(1953, Italia, 113')
La provinciale, film del 1953 per la regia di Mario Soldati, venne indicato nel 2008 dai critici tra i cento film italiani “che hanno cambiato la memoria collettiva del Paese tra il 1942 e il 1978”. A tutti apparirà ben visibile la maestria degli attori, da Gabriele Ferzetti alla allora ventiseienne Gina Lollobrigida; i più si commuoveranno per la storia della popolana Gemma, innamorata ricambiata di un aristocratico che scopre di non poter sposare, perché… La rivelazione la lasciamo al minuto 47,30 della pellicola: la costruzione a noir francese della storia non dovrebbe permettere di svelarlo. Ma vi sono ben altri elementi dell’opera da sottolineare. La trama, innanzitutto, ispirata dall’omonimo racconto di Moravia, il quale a sua volta riprese una vicenda personale, molto attenta a raccogliere gli spasmi delle contraddizioni sociali del dopoguerra. Poi la sceneggiatura, che è di un altro grande scrittore, Giorgio Bassani, il quale descrisse una vicenda molto simile in Lidia Mantovani, racconto contenuto in Storie Ferraresi.
La regia di Soldati è molto innovativa per l’epoca e ancora oggi degna di nota. Si distingue per un intelligente ricorso al flashback, tecnica assai inusuale per quel periodo, per la voce fuori campo, che permette al protagonista di esternare le sue riflessioni, con il personaggio sempre ripreso di spalle, per l’impiego dello zoom nel catturare l’intensità dello sguardo della Lollobrigida, “occhi parlanti”, per l’utilizzo della modernissima tecnica del dissolvimento, per la ripresa di un’inquadratura successiva al fine di meglio raccontare lo svolgersi di una scena (quella della fuga sulle scale, ad esempio) e per la ripetizione di uno stesso episodio da diversi punti di vista.

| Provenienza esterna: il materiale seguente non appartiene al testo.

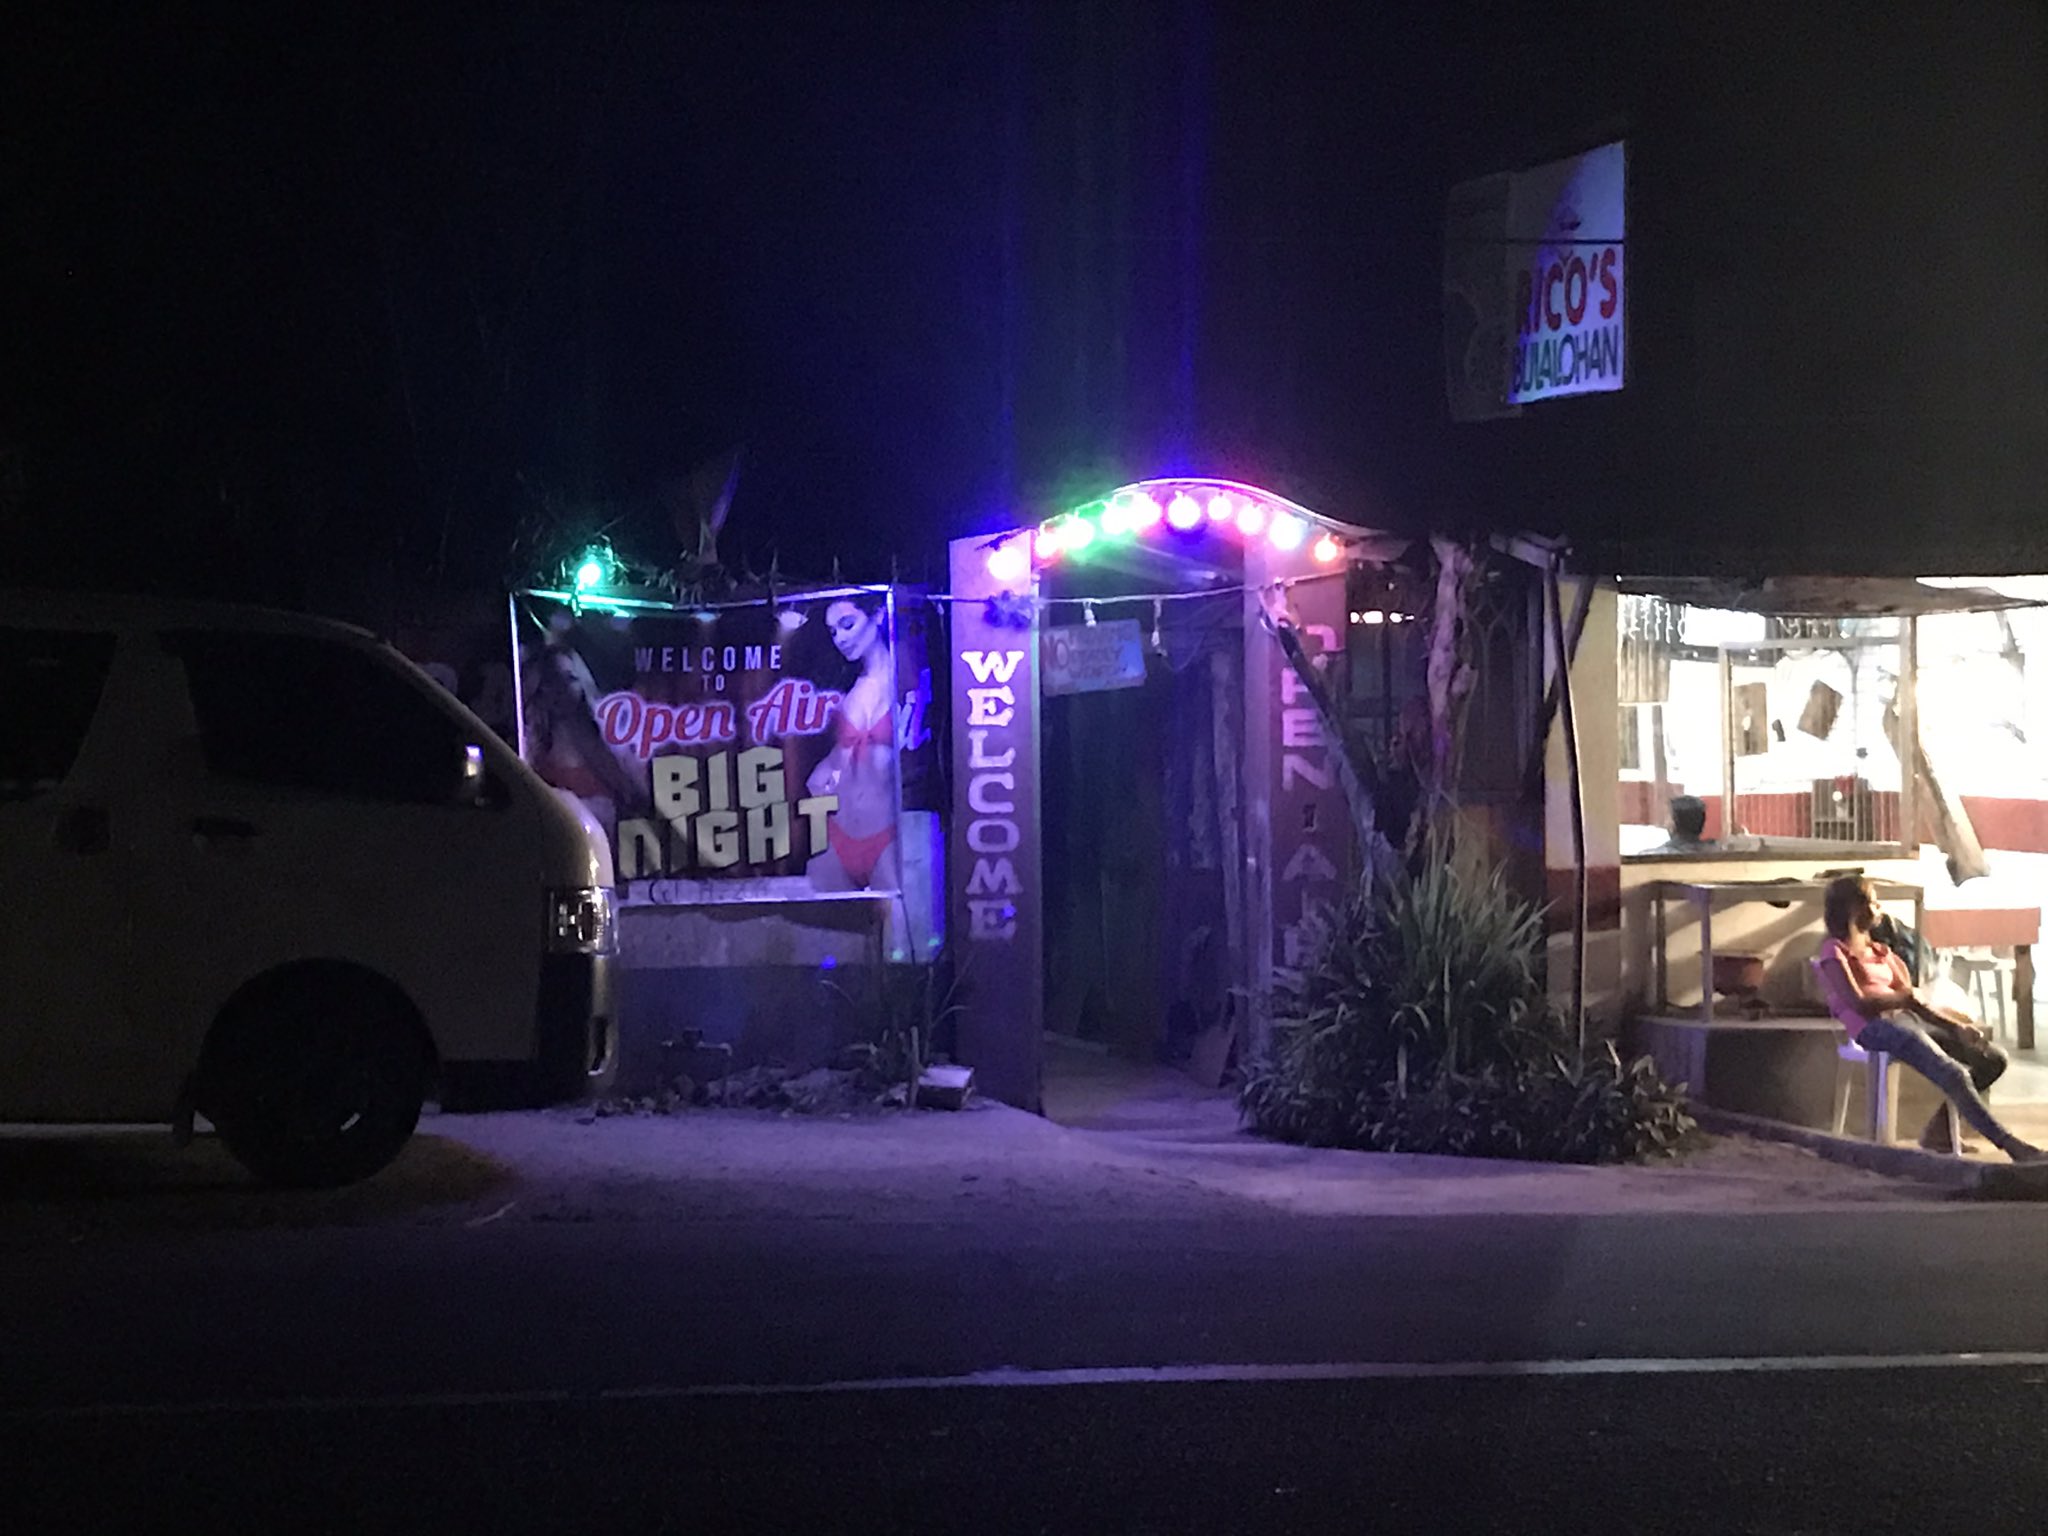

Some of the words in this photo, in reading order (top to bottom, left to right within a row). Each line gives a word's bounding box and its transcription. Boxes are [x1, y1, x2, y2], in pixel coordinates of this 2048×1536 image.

Degni di nota anche il ricco uso di elementi scenografici che illustrano un’epoca: le brave ragazze con il pianoforte in casa, simbolo non peccaminoso di voglia di emancipazione, la pratica diffusa dell’affittacamere, il macinino del caffè, il Gesù con il cuore trafitto e sanguinante sull’uscio di casa, l’immancabile rosmarino in giardino, i vestiti a pois e le false aristocratiche slave. Il contrasto sociale e il cambiamento in atto sono ben evidenziati nelle inquadrature iniziali: sulla via passa un carretto con il cavallo, poi una bicicletta, poi un autobus e infine le lussuose decappottabili dei ricchi. Quindi le vacanze, dalle sognate riviere liguri e francesi con la relativa vita mondana alla ‘tranquilla’ Vidiciatico sugli Appennini proposta dal marito.

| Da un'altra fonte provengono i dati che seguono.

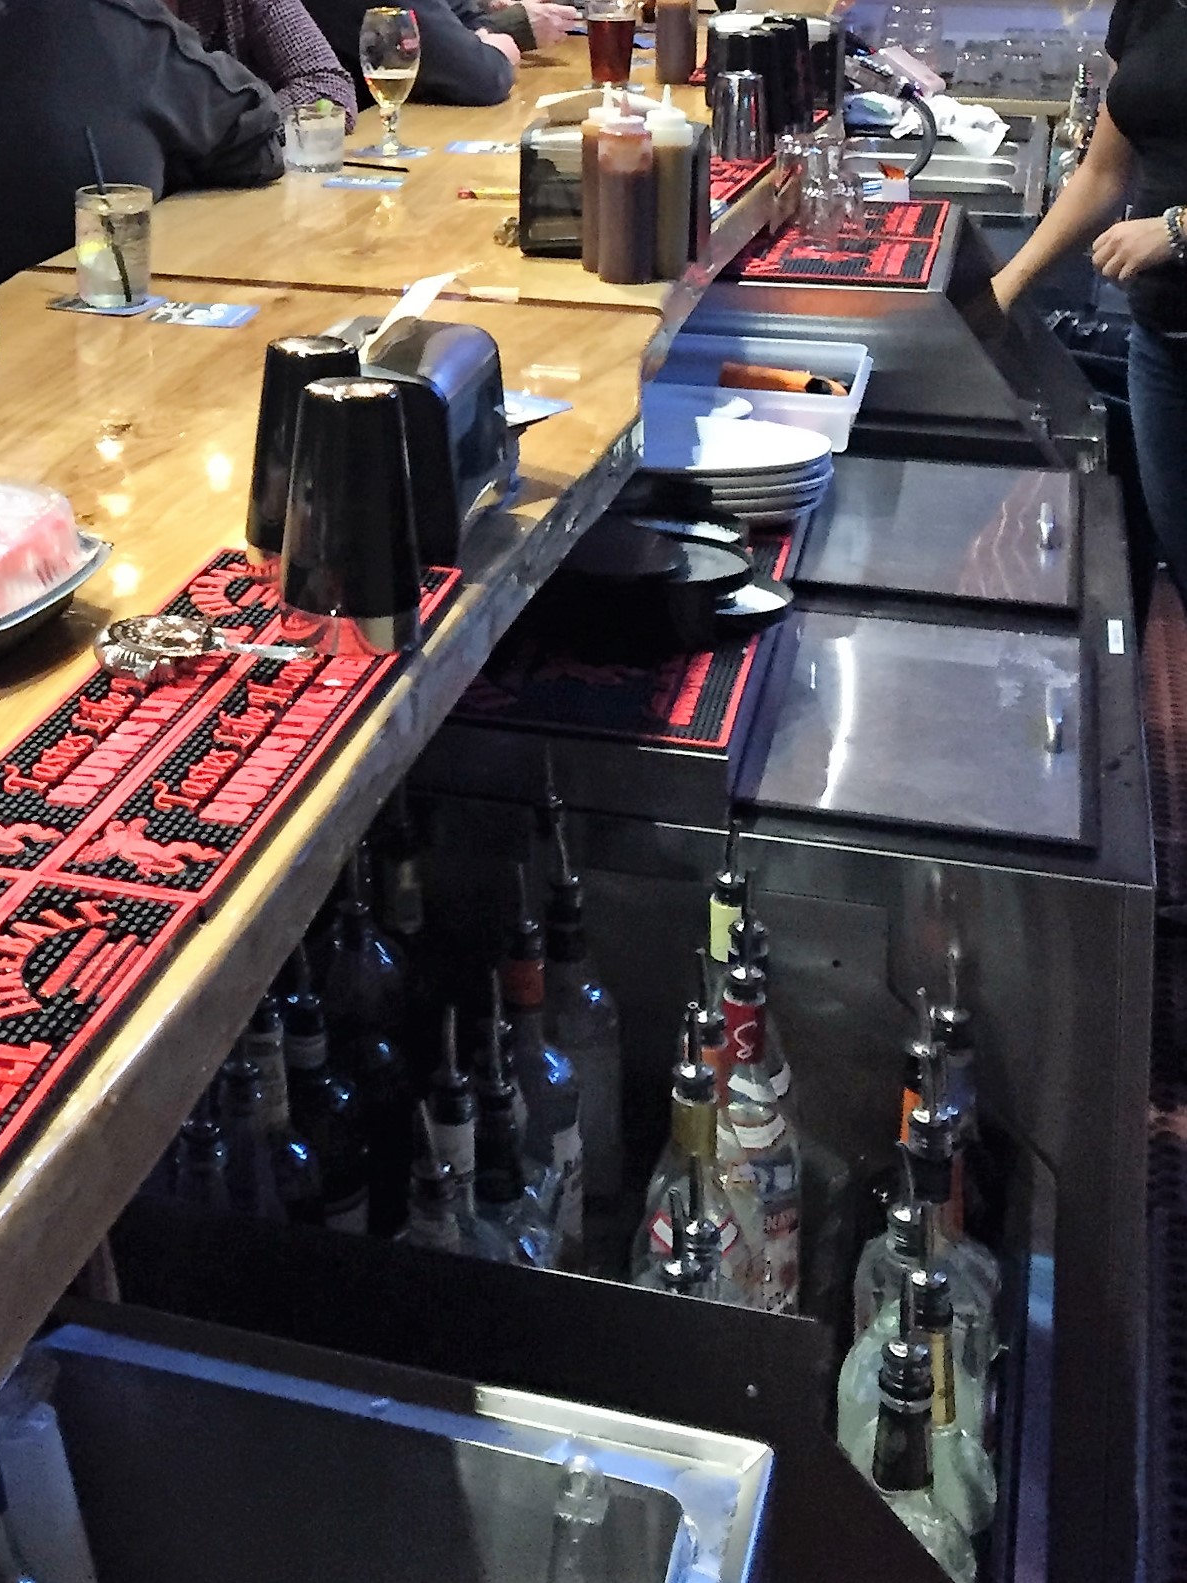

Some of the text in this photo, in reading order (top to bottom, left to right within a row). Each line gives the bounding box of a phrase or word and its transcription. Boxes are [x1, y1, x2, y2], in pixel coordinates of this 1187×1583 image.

[3, 730, 94, 795] Tastes
[46, 720, 161, 809] BURNS
[152, 748, 239, 812] Tastes
[199, 735, 308, 825] BURNS

La provincia contro la modernità delle capitali; nel nostro caso il grido non è “a Mosca, a Mosca”, ma più sobriamente “a Roma”. Film femminista lo si potrebbe anche definire in qualche modo, sì. Presentato al 6. Festival di Cannes ebbe un notevole successo nelle sale, anche se qualche critico del tempo non riuscì a capirlo, qualcuno definendolo addirittura “neorealismo d’appendice”.